Robin des Lois
Par A. Boumezrag – Bruno Retailleau au ministère de l’Intérieur. Voilà un homme qui a longtemps prêché la rigueur conservatrice depuis les travées du Sénat, désormais propulsé au cœur de l’appareil répressif de la République. A ses côtés, un ministre de la Justice qui se pique de vouloir remettre les lois à l’endroit. Deux visages d’un pouvoir qui prétend aujourd’hui faire le ménage dans les relations franco-algériennes, en s’attaquant à ces petits arrangements entre élites qu’on appelle pudiquement des «facilités diplomatiques».
Retailleau veut frapper fort, marquer les esprits, refaire l’autorité de l’Etat. Mais une question reste entière : est-ce une vraie réforme ou une habile opération de communication ? Une rupture ou un simple roulement de tambour électoral ?
Car s’il est un exercice que la France maîtrise à la perfection, c’est bien celui de la fermeté sélective. On choisit une cible familière, on dénonce à grands renforts de formules, on durcit la rhétorique. Et surtout, on soigne la mise en scène : un peu de tension diplomatique, des interviews bien tournées, et l’illusion du changement opère. Mais ce cinéma a ses limites. Qui peut croire que quelques sanctions symboliques contre une poignée de diplomates changeraient réellement la nature des relations franco-algériennes ?

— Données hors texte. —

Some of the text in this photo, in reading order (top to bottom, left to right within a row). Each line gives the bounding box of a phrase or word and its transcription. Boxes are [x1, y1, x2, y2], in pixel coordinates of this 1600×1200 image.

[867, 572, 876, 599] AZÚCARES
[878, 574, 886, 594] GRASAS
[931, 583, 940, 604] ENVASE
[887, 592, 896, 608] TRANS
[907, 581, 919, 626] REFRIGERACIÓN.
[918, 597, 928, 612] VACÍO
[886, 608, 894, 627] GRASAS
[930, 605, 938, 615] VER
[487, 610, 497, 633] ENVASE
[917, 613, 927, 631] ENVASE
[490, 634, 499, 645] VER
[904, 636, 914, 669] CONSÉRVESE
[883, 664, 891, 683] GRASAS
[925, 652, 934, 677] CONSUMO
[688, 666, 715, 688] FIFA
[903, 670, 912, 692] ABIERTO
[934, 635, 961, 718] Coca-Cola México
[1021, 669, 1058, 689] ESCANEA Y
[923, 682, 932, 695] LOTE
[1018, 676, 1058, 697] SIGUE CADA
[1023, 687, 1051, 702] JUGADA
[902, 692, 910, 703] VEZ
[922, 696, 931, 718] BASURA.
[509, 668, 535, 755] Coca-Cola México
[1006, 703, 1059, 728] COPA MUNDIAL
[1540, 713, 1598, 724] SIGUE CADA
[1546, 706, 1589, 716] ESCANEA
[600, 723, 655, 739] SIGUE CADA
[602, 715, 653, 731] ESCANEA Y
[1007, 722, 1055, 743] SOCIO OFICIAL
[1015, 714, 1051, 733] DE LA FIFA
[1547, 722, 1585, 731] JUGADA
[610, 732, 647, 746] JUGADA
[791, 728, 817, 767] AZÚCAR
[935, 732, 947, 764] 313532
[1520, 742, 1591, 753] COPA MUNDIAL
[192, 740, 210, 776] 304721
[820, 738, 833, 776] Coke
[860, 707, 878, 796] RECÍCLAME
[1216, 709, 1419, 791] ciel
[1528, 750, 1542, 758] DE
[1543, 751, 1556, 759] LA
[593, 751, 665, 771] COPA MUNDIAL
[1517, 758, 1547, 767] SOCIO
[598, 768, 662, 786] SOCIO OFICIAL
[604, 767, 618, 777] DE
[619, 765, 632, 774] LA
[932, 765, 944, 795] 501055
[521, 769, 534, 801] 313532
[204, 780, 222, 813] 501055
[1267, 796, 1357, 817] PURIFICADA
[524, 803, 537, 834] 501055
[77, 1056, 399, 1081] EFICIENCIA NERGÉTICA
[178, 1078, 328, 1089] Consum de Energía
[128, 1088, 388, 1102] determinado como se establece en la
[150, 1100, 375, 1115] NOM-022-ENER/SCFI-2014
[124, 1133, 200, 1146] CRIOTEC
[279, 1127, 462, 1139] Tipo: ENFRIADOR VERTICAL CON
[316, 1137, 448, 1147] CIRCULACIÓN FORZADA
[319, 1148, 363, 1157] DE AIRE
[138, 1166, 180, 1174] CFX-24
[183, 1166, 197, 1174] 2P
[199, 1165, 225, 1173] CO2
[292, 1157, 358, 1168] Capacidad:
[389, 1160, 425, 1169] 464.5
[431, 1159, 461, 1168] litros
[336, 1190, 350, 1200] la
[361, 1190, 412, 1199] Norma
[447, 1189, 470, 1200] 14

Ces relations, d’ailleurs, sont tout sauf simples. Elles sont hantées par l’histoire coloniale et saturées d’intérêts croisés. Si la France ferme une porte, elle en entrouvre une autre. Un jour, on tape du poing ; le lendemain, on s’excuse du bruit. L’Algérie, c’est l’écran parfait : assez proche pour inquiéter, assez floue pour fantasmer, assez stratégique pour ne jamais être vraiment maltraitée.

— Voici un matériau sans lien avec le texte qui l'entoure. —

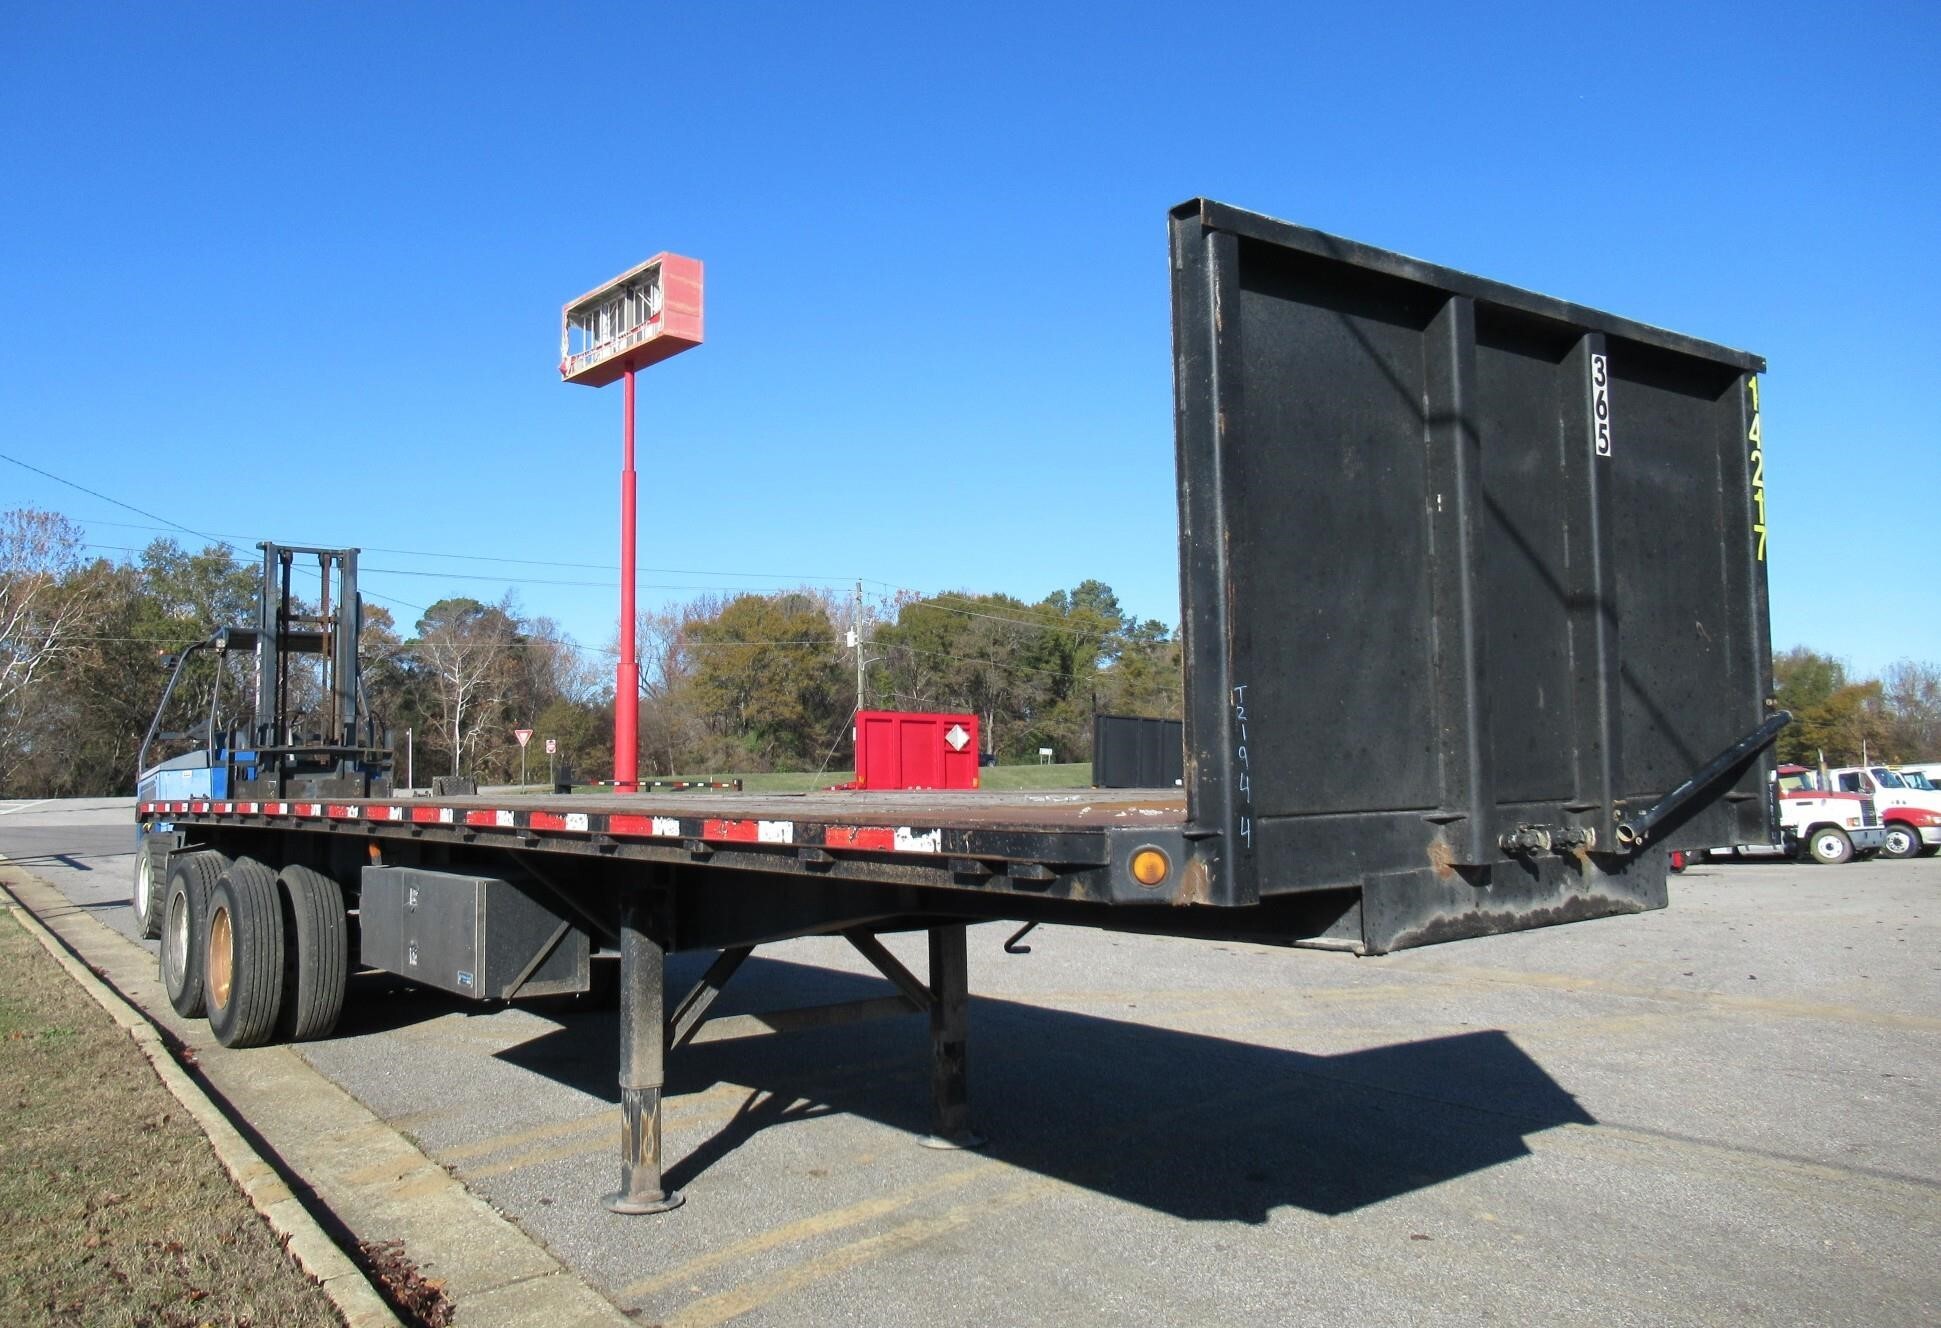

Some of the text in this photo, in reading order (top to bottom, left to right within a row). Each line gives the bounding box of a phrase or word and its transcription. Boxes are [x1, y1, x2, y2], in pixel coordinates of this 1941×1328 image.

Retailleau prétend s’attaquer aux passe-droits ? Fort bien. Mais qui s’attaquera aux privilèges plus profonds ? Ceux qui ne relèvent pas de la diplomatie, mais du capital, des réseaux, des intérêts partagés entre élites des deux rives ? Ce système-là ne tremble jamais vraiment. Il s’adapte. Il change de visage. Il survit à toutes les indignations, parce qu’il est consubstantiel au fonctionnement du pouvoir.
Retailleau n’ignore rien de cela. Il est trop fin stratège pour croire que sa croisade bouleversera l’ordre établi. Mais il sait ce qu’elle peut produire : du récit. De l’image. De la posture. Une place dans la lumière, un écho dans l’électorat conservateur, une figure de «ministre qui agit» à défaut d’un ministre qui change.

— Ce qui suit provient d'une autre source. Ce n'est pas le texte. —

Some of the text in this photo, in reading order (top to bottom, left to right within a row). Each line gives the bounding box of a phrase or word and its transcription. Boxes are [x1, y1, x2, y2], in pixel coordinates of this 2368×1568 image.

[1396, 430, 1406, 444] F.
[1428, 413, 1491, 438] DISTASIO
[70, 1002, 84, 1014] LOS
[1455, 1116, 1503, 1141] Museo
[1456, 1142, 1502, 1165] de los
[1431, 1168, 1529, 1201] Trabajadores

C’est peut-être ça le plus habile : ne pas vraiment réformer, mais faire croire qu’on aurait pu. Laisser une trace sans déranger le présent. Occuper la scène sans jamais toucher aux coulisses. Une gesticulation républicaine de plus – efficace, bruyante, inoffensive.
Ainsi tourne la chaise musicale. Le policier devient Robin des Lois, le réformateur devient scénographe, et la République se donne à elle-même les apparences de la vertu. Le système ? Il observe, sourit, s’ajuste. Les privilèges ont la vie dure, surtout quand ceux qui les dénoncent s’en accommodent fort bien ailleurs.
«Les hommes politiques ne connaissent la misère que par les statistiques. C’est plus facile à manipuler que les êtres humains.» (Coluche).
A. B.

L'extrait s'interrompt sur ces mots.